A complete and exact copy of the data below is required.

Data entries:
^^^^^^^^

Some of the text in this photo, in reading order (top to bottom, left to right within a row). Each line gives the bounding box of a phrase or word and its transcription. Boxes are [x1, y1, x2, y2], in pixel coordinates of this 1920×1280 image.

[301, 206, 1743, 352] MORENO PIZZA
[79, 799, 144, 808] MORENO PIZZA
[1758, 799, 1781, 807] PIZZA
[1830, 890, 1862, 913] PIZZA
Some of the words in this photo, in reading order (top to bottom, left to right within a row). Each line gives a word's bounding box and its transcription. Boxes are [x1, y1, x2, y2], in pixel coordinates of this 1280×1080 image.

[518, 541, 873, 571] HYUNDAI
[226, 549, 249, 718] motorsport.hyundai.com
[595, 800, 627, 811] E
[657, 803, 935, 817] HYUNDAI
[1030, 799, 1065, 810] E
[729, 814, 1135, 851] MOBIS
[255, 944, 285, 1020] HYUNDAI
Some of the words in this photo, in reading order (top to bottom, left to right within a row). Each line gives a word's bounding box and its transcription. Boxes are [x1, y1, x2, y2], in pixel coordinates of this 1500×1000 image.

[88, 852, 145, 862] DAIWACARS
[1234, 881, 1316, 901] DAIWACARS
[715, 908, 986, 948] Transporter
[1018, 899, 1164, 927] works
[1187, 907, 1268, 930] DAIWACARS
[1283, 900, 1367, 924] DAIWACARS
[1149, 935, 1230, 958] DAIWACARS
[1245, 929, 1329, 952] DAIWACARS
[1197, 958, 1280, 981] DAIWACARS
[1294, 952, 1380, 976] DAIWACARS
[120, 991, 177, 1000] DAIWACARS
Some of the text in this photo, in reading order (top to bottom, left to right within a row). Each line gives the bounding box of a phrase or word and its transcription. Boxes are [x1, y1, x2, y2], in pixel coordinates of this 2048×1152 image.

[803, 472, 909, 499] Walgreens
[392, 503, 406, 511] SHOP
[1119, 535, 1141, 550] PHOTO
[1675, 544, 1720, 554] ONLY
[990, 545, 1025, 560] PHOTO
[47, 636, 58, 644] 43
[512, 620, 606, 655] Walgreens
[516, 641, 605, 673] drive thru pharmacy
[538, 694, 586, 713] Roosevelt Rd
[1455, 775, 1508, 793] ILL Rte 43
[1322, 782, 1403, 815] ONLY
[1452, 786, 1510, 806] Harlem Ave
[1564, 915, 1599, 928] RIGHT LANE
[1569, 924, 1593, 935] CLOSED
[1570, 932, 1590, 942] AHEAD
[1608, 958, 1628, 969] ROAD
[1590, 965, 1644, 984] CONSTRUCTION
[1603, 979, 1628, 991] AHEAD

^^^^^^^^

Solution to the exercise:
Some of the text in this photo, in reading order (top to bottom, left to right within a row). Each line gives the bounding box of a phrase or word and its transcription. Boxes are [x1, y1, x2, y2], in pixel coordinates of this 1920×1280 image.

[301, 206, 1743, 352] MORENO PIZZA
[79, 799, 144, 808] MORENO PIZZA
[1758, 799, 1781, 807] PIZZA
[1830, 890, 1862, 913] PIZZA
Some of the words in this photo, in reading order (top to bottom, left to right within a row). Each line gives a word's bounding box and its transcription. Boxes are [x1, y1, x2, y2], in pixel coordinates of this 1280×1080 image.

[518, 541, 873, 571] HYUNDAI
[226, 549, 249, 718] motorsport.hyundai.com
[595, 800, 627, 811] E
[657, 803, 935, 817] HYUNDAI
[1030, 799, 1065, 810] E
[729, 814, 1135, 851] MOBIS
[255, 944, 285, 1020] HYUNDAI
Some of the words in this photo, in reading order (top to bottom, left to right within a row). Each line gives a word's bounding box and its transcription. Boxes are [x1, y1, x2, y2], in pixel coordinates of this 1500×1000 image.

[88, 852, 145, 862] DAIWACARS
[1234, 881, 1316, 901] DAIWACARS
[715, 908, 986, 948] Transporter
[1018, 899, 1164, 927] works
[1187, 907, 1268, 930] DAIWACARS
[1283, 900, 1367, 924] DAIWACARS
[1149, 935, 1230, 958] DAIWACARS
[1245, 929, 1329, 952] DAIWACARS
[1197, 958, 1280, 981] DAIWACARS
[1294, 952, 1380, 976] DAIWACARS
[120, 991, 177, 1000] DAIWACARS
Some of the text in this photo, in reading order (top to bottom, left to right within a row). Each line gives the bounding box of a phrase or word and its transcription. Boxes are [x1, y1, x2, y2], in pixel coordinates of this 2048×1152 image.

[803, 472, 909, 499] Walgreens
[392, 503, 406, 511] SHOP
[1119, 535, 1141, 550] PHOTO
[1675, 544, 1720, 554] ONLY
[990, 545, 1025, 560] PHOTO
[47, 636, 58, 644] 43
[512, 620, 606, 655] Walgreens
[516, 641, 605, 673] drive thru pharmacy
[538, 694, 586, 713] Roosevelt Rd
[1455, 775, 1508, 793] ILL Rte 43
[1322, 782, 1403, 815] ONLY
[1452, 786, 1510, 806] Harlem Ave
[1564, 915, 1599, 928] RIGHT LANE
[1569, 924, 1593, 935] CLOSED
[1570, 932, 1590, 942] AHEAD
[1608, 958, 1628, 969] ROAD
[1590, 965, 1644, 984] CONSTRUCTION
[1603, 979, 1628, 991] AHEAD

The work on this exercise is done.